* _EXERCISE GOAL_: All entries below are to be reproduced precisely as they stand, without the pictures.

**** RECORDS SHOWN

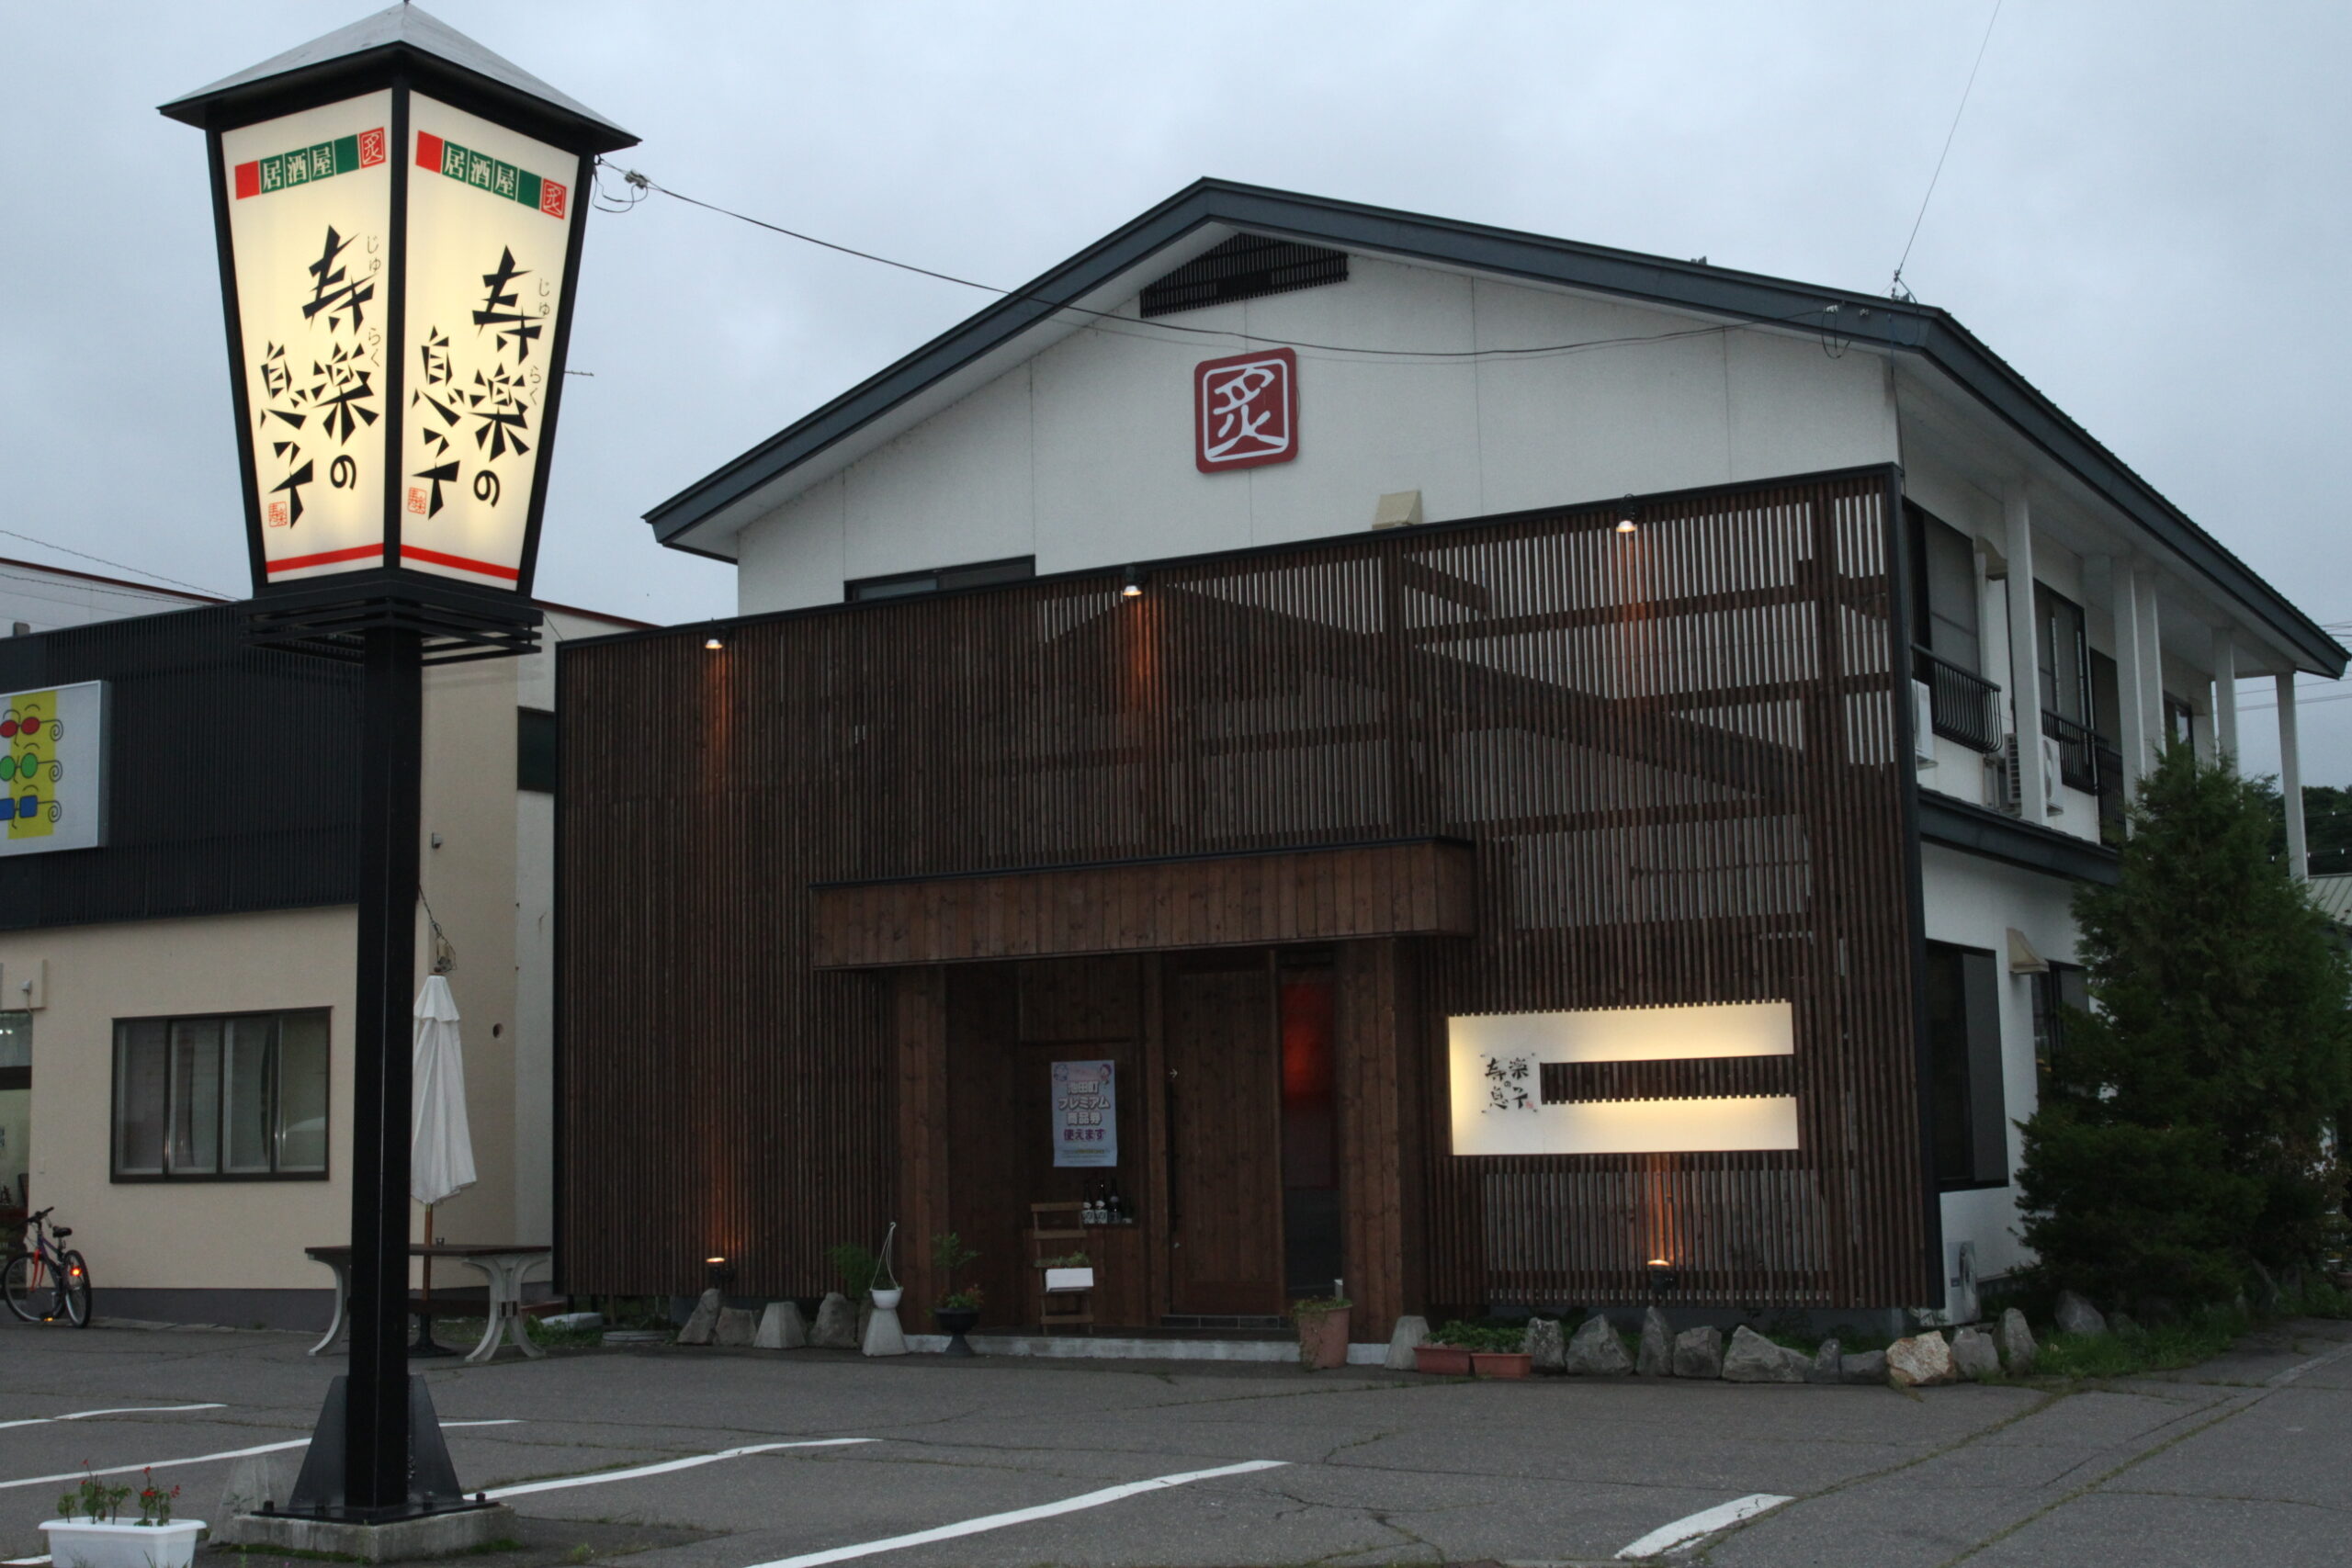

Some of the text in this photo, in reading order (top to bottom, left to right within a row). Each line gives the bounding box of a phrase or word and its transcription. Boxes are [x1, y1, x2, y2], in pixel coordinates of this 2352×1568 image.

[263, 146, 334, 191] 居酒屋
[445, 146, 514, 198] 居酒屋
[260, 340, 314, 530] 息子
[411, 324, 462, 521] 息子
[1058, 1096, 1110, 1110] プレミアム
[1067, 1111, 1102, 1125] 商品券
[1064, 1129, 1104, 1141] 使えます

********

* _RESULT OF THE EXERCISE_:
Some of the text in this photo, in reading order (top to bottom, left to right within a row). Each line gives the bounding box of a phrase or word and its transcription. Boxes are [x1, y1, x2, y2], in pixel coordinates of this 2352×1568 image.

[263, 146, 334, 191] 居酒屋
[445, 146, 514, 198] 居酒屋
[260, 340, 314, 530] 息子
[411, 324, 462, 521] 息子
[1058, 1096, 1110, 1110] プレミアム
[1067, 1111, 1102, 1125] 商品券
[1064, 1129, 1104, 1141] 使えます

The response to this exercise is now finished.